Viability Test of Seeds 
In Indian seed programe, during harvesting period a very large quantity of seeds is usually procured in the shortest possible time, where it becomes necessary to decide immediately whether or not a particular seed lot is to be purchased. This necessitates a rapid test to find out whether the seeds are viable and under favourable conditions they may germinate or not. When the seeds are dormant or very slow in germination, the viability test is extremely useful. The various methods for rapid viability test of seeds are; (1) Potassium permanganate test, (2) Biochemical test, (3) Indigocarmine test, (4) Electrical conductance test, (5) Respiration test and (6) Embryo culture test. All these tests are discussed below:
 (1) Potassium Permanganate Test: Due to the fact that; the dead cells become freely permeable to their contained solutes which leach out easily into bathing solution, whereas leaching from living cells is very less, therefore, solution of potassium permanganate is used to find out the percentage of dead seeds in a seed-lot. In this method the seeds are soaked in a weak solution of potassium permanganate and as the proportion of dead seed increases the discolouration of the solution also increases Thus, extent of discolouration indicates the proportion of dead into a seed-lot. 
(2) Biochemical Test: In this test tetrazolium chloride is used test. The fact of this test is that the salt is an oxidation-reduction indicator and the development of non-diffusible red colour is most probably an indication of the presence of active respiratory process in which hydrogen ions are transferred to tetrazolium chloride causing reduction. The test is conducted as given below: 
(i) The seeds to be tested are soaked in 0.5 to 2% solution of tetrazolium chloride. 
(ii) The viable or living seeds take bright red colouration becomes more intense in the embryo while the dead seeds remain in their original colour.
 (iii) The colourless tetrazolium chloride forms carmine red formazan after reacting with H” ions upon reduction.
 (iv) The method is made quicker by cutting kernels, using vacuum and maintaining a temperature of 40 to 45°C. By doing so it takes only 4 to 5 minutes time to complete a test of 100 kernels. 
(v) The method is used as a guide in blending seeds and their lots under an urgent demand for seed. 
        Since the above cited test has given a high degree of perfection and because of this fact the ISTA rules now recommended for the use of this test for detecting the viability in a number of plant species, the seeds of which have a very pronounced and long lasting dormancy.
(3) Indigocarmine Test: It is practical that the dead seeds or their cells are stained when soaked in the solution of any aniline dyes such as indigocarmine for few hours. Therefore, the fraction of dead and viable seeds can be determined by counting the number of stained and unstained seeds respectively. 
(4) Electrical Conductance Test: The phenomenon behind this test is that; there is increase in the conductivity of bathing solution due to leaching of metabolites from dead seeds. The seeds are soaked in distilled water and the electrical conductance of the bathing solution is tested, the increase in conductance is roughly proportion to the percentage of dead tissues.

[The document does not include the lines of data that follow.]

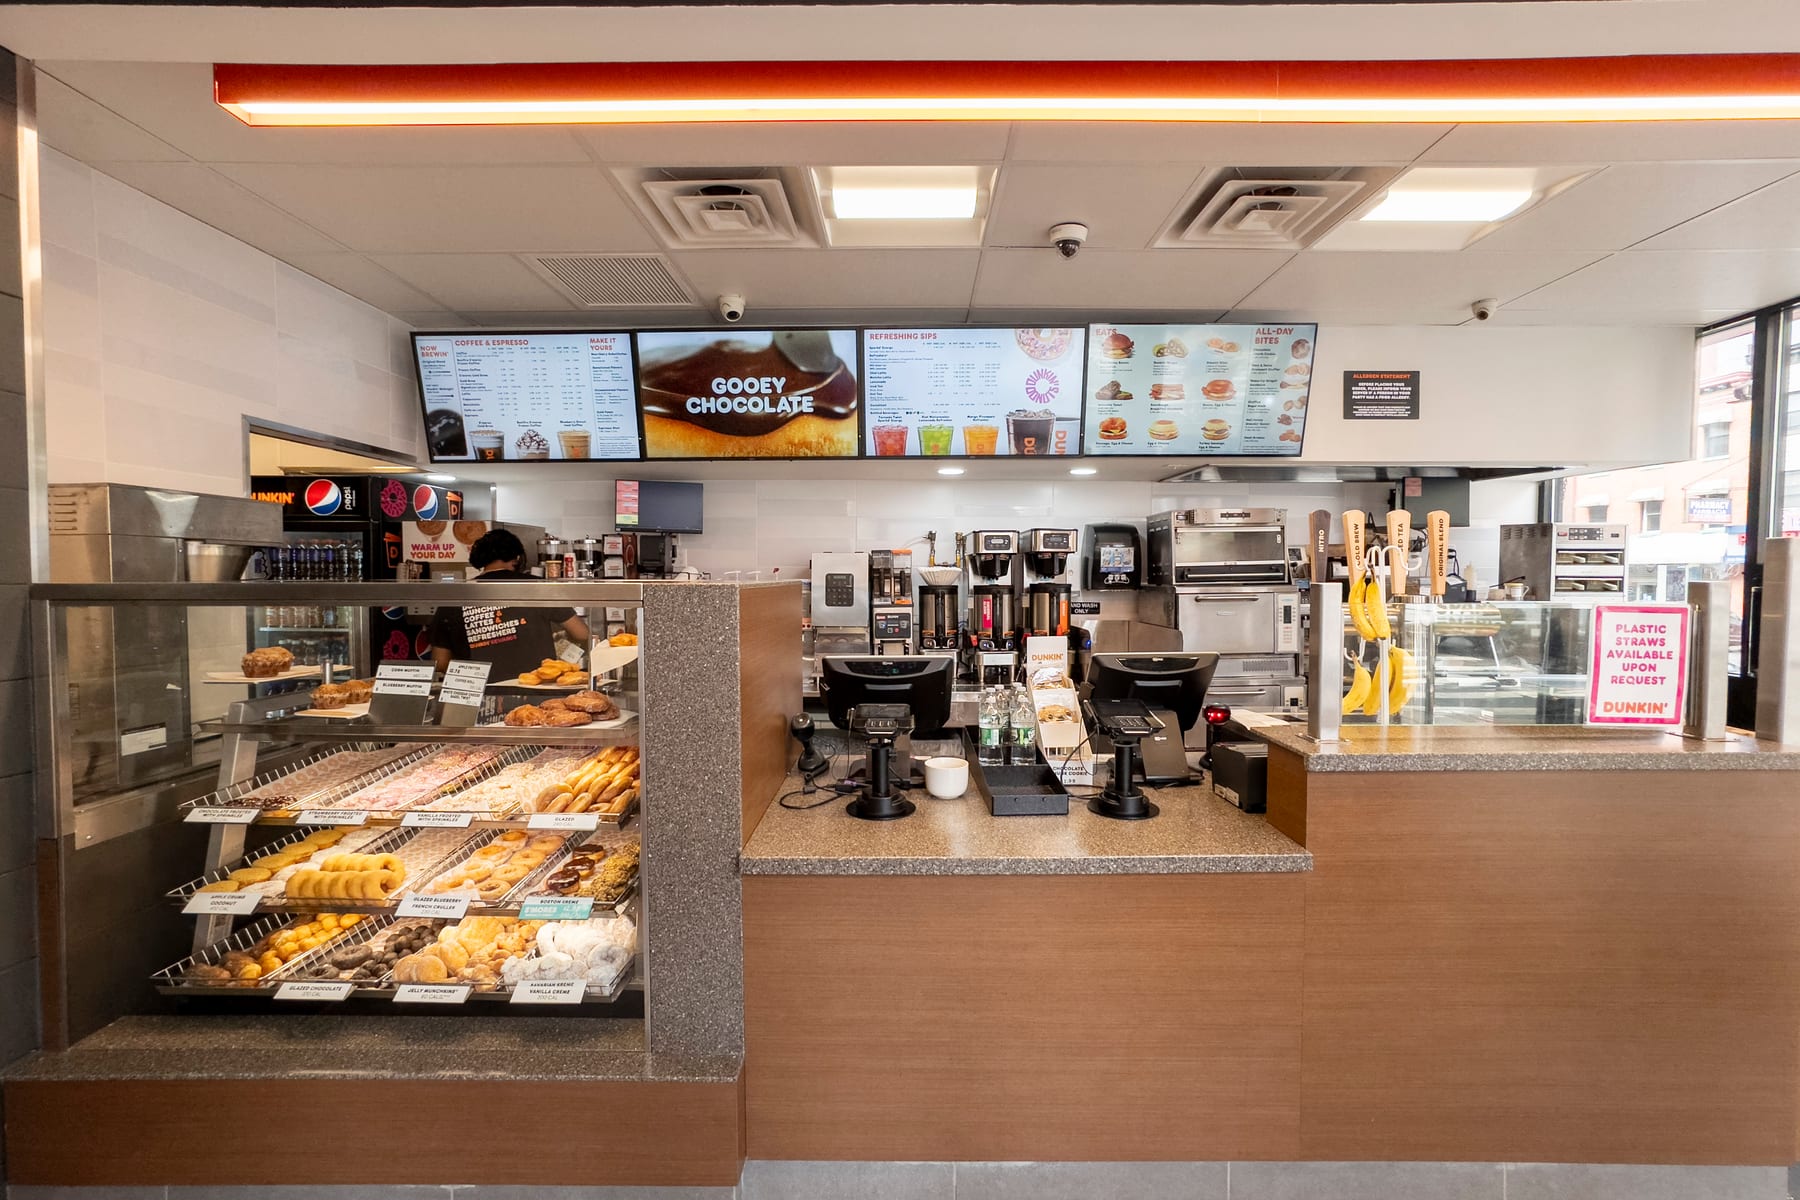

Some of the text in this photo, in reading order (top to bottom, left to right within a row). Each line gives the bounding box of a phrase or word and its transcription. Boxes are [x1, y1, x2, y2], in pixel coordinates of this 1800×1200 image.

[712, 377, 786, 394] GOOEY
[686, 396, 814, 414] CHOCOLATE
[250, 492, 294, 504] UNKIN'
[343, 487, 352, 510] pepsi
[464, 612, 495, 623] COFFEE
[465, 619, 494, 630] LATTES
[466, 619, 519, 636] SANDWICHES
[1616, 624, 1666, 633] PLASTIC
[467, 627, 516, 643] REFRESHERS
[1616, 637, 1665, 647] STRAWS
[1607, 650, 1673, 659] AVAILABLE
[1622, 663, 1656, 672] UPON
[1611, 676, 1666, 685] REQUEST
[1604, 701, 1668, 714] DUNKIN'

 (5) Respiration Test: Since respiration is an indication of life, as such respiration test is used to determine the viability of seeds. The respiration tests are difficult and not worth believing because the resting or dormant seeds show very low respiration and the micro-organisms growing on seeds may show respiration when seeds themselves are all dead. 

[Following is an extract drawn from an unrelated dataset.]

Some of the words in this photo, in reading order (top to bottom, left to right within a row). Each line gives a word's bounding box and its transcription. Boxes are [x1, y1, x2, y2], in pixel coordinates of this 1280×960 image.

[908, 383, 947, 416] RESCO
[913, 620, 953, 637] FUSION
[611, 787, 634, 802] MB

(6) Embryo Culture Test: The embryo culture test takes about 7 to 10 days to give the viability percentage of the seeds. This practical is conducted in below mentioned 3 steps : 
(i) The embryo is removed carefully from its cotyledons or endosperm. 
(ii) It is placed naked on granulated peat mass or on sterilized nutrient agar medium (White’s nutrient medium).
 (iii) The viability is judged by counting the number of germinated embryos. The phenomenon behind the aforesaid method is that; the viable seeds will germinate and non- viable will fail to do so.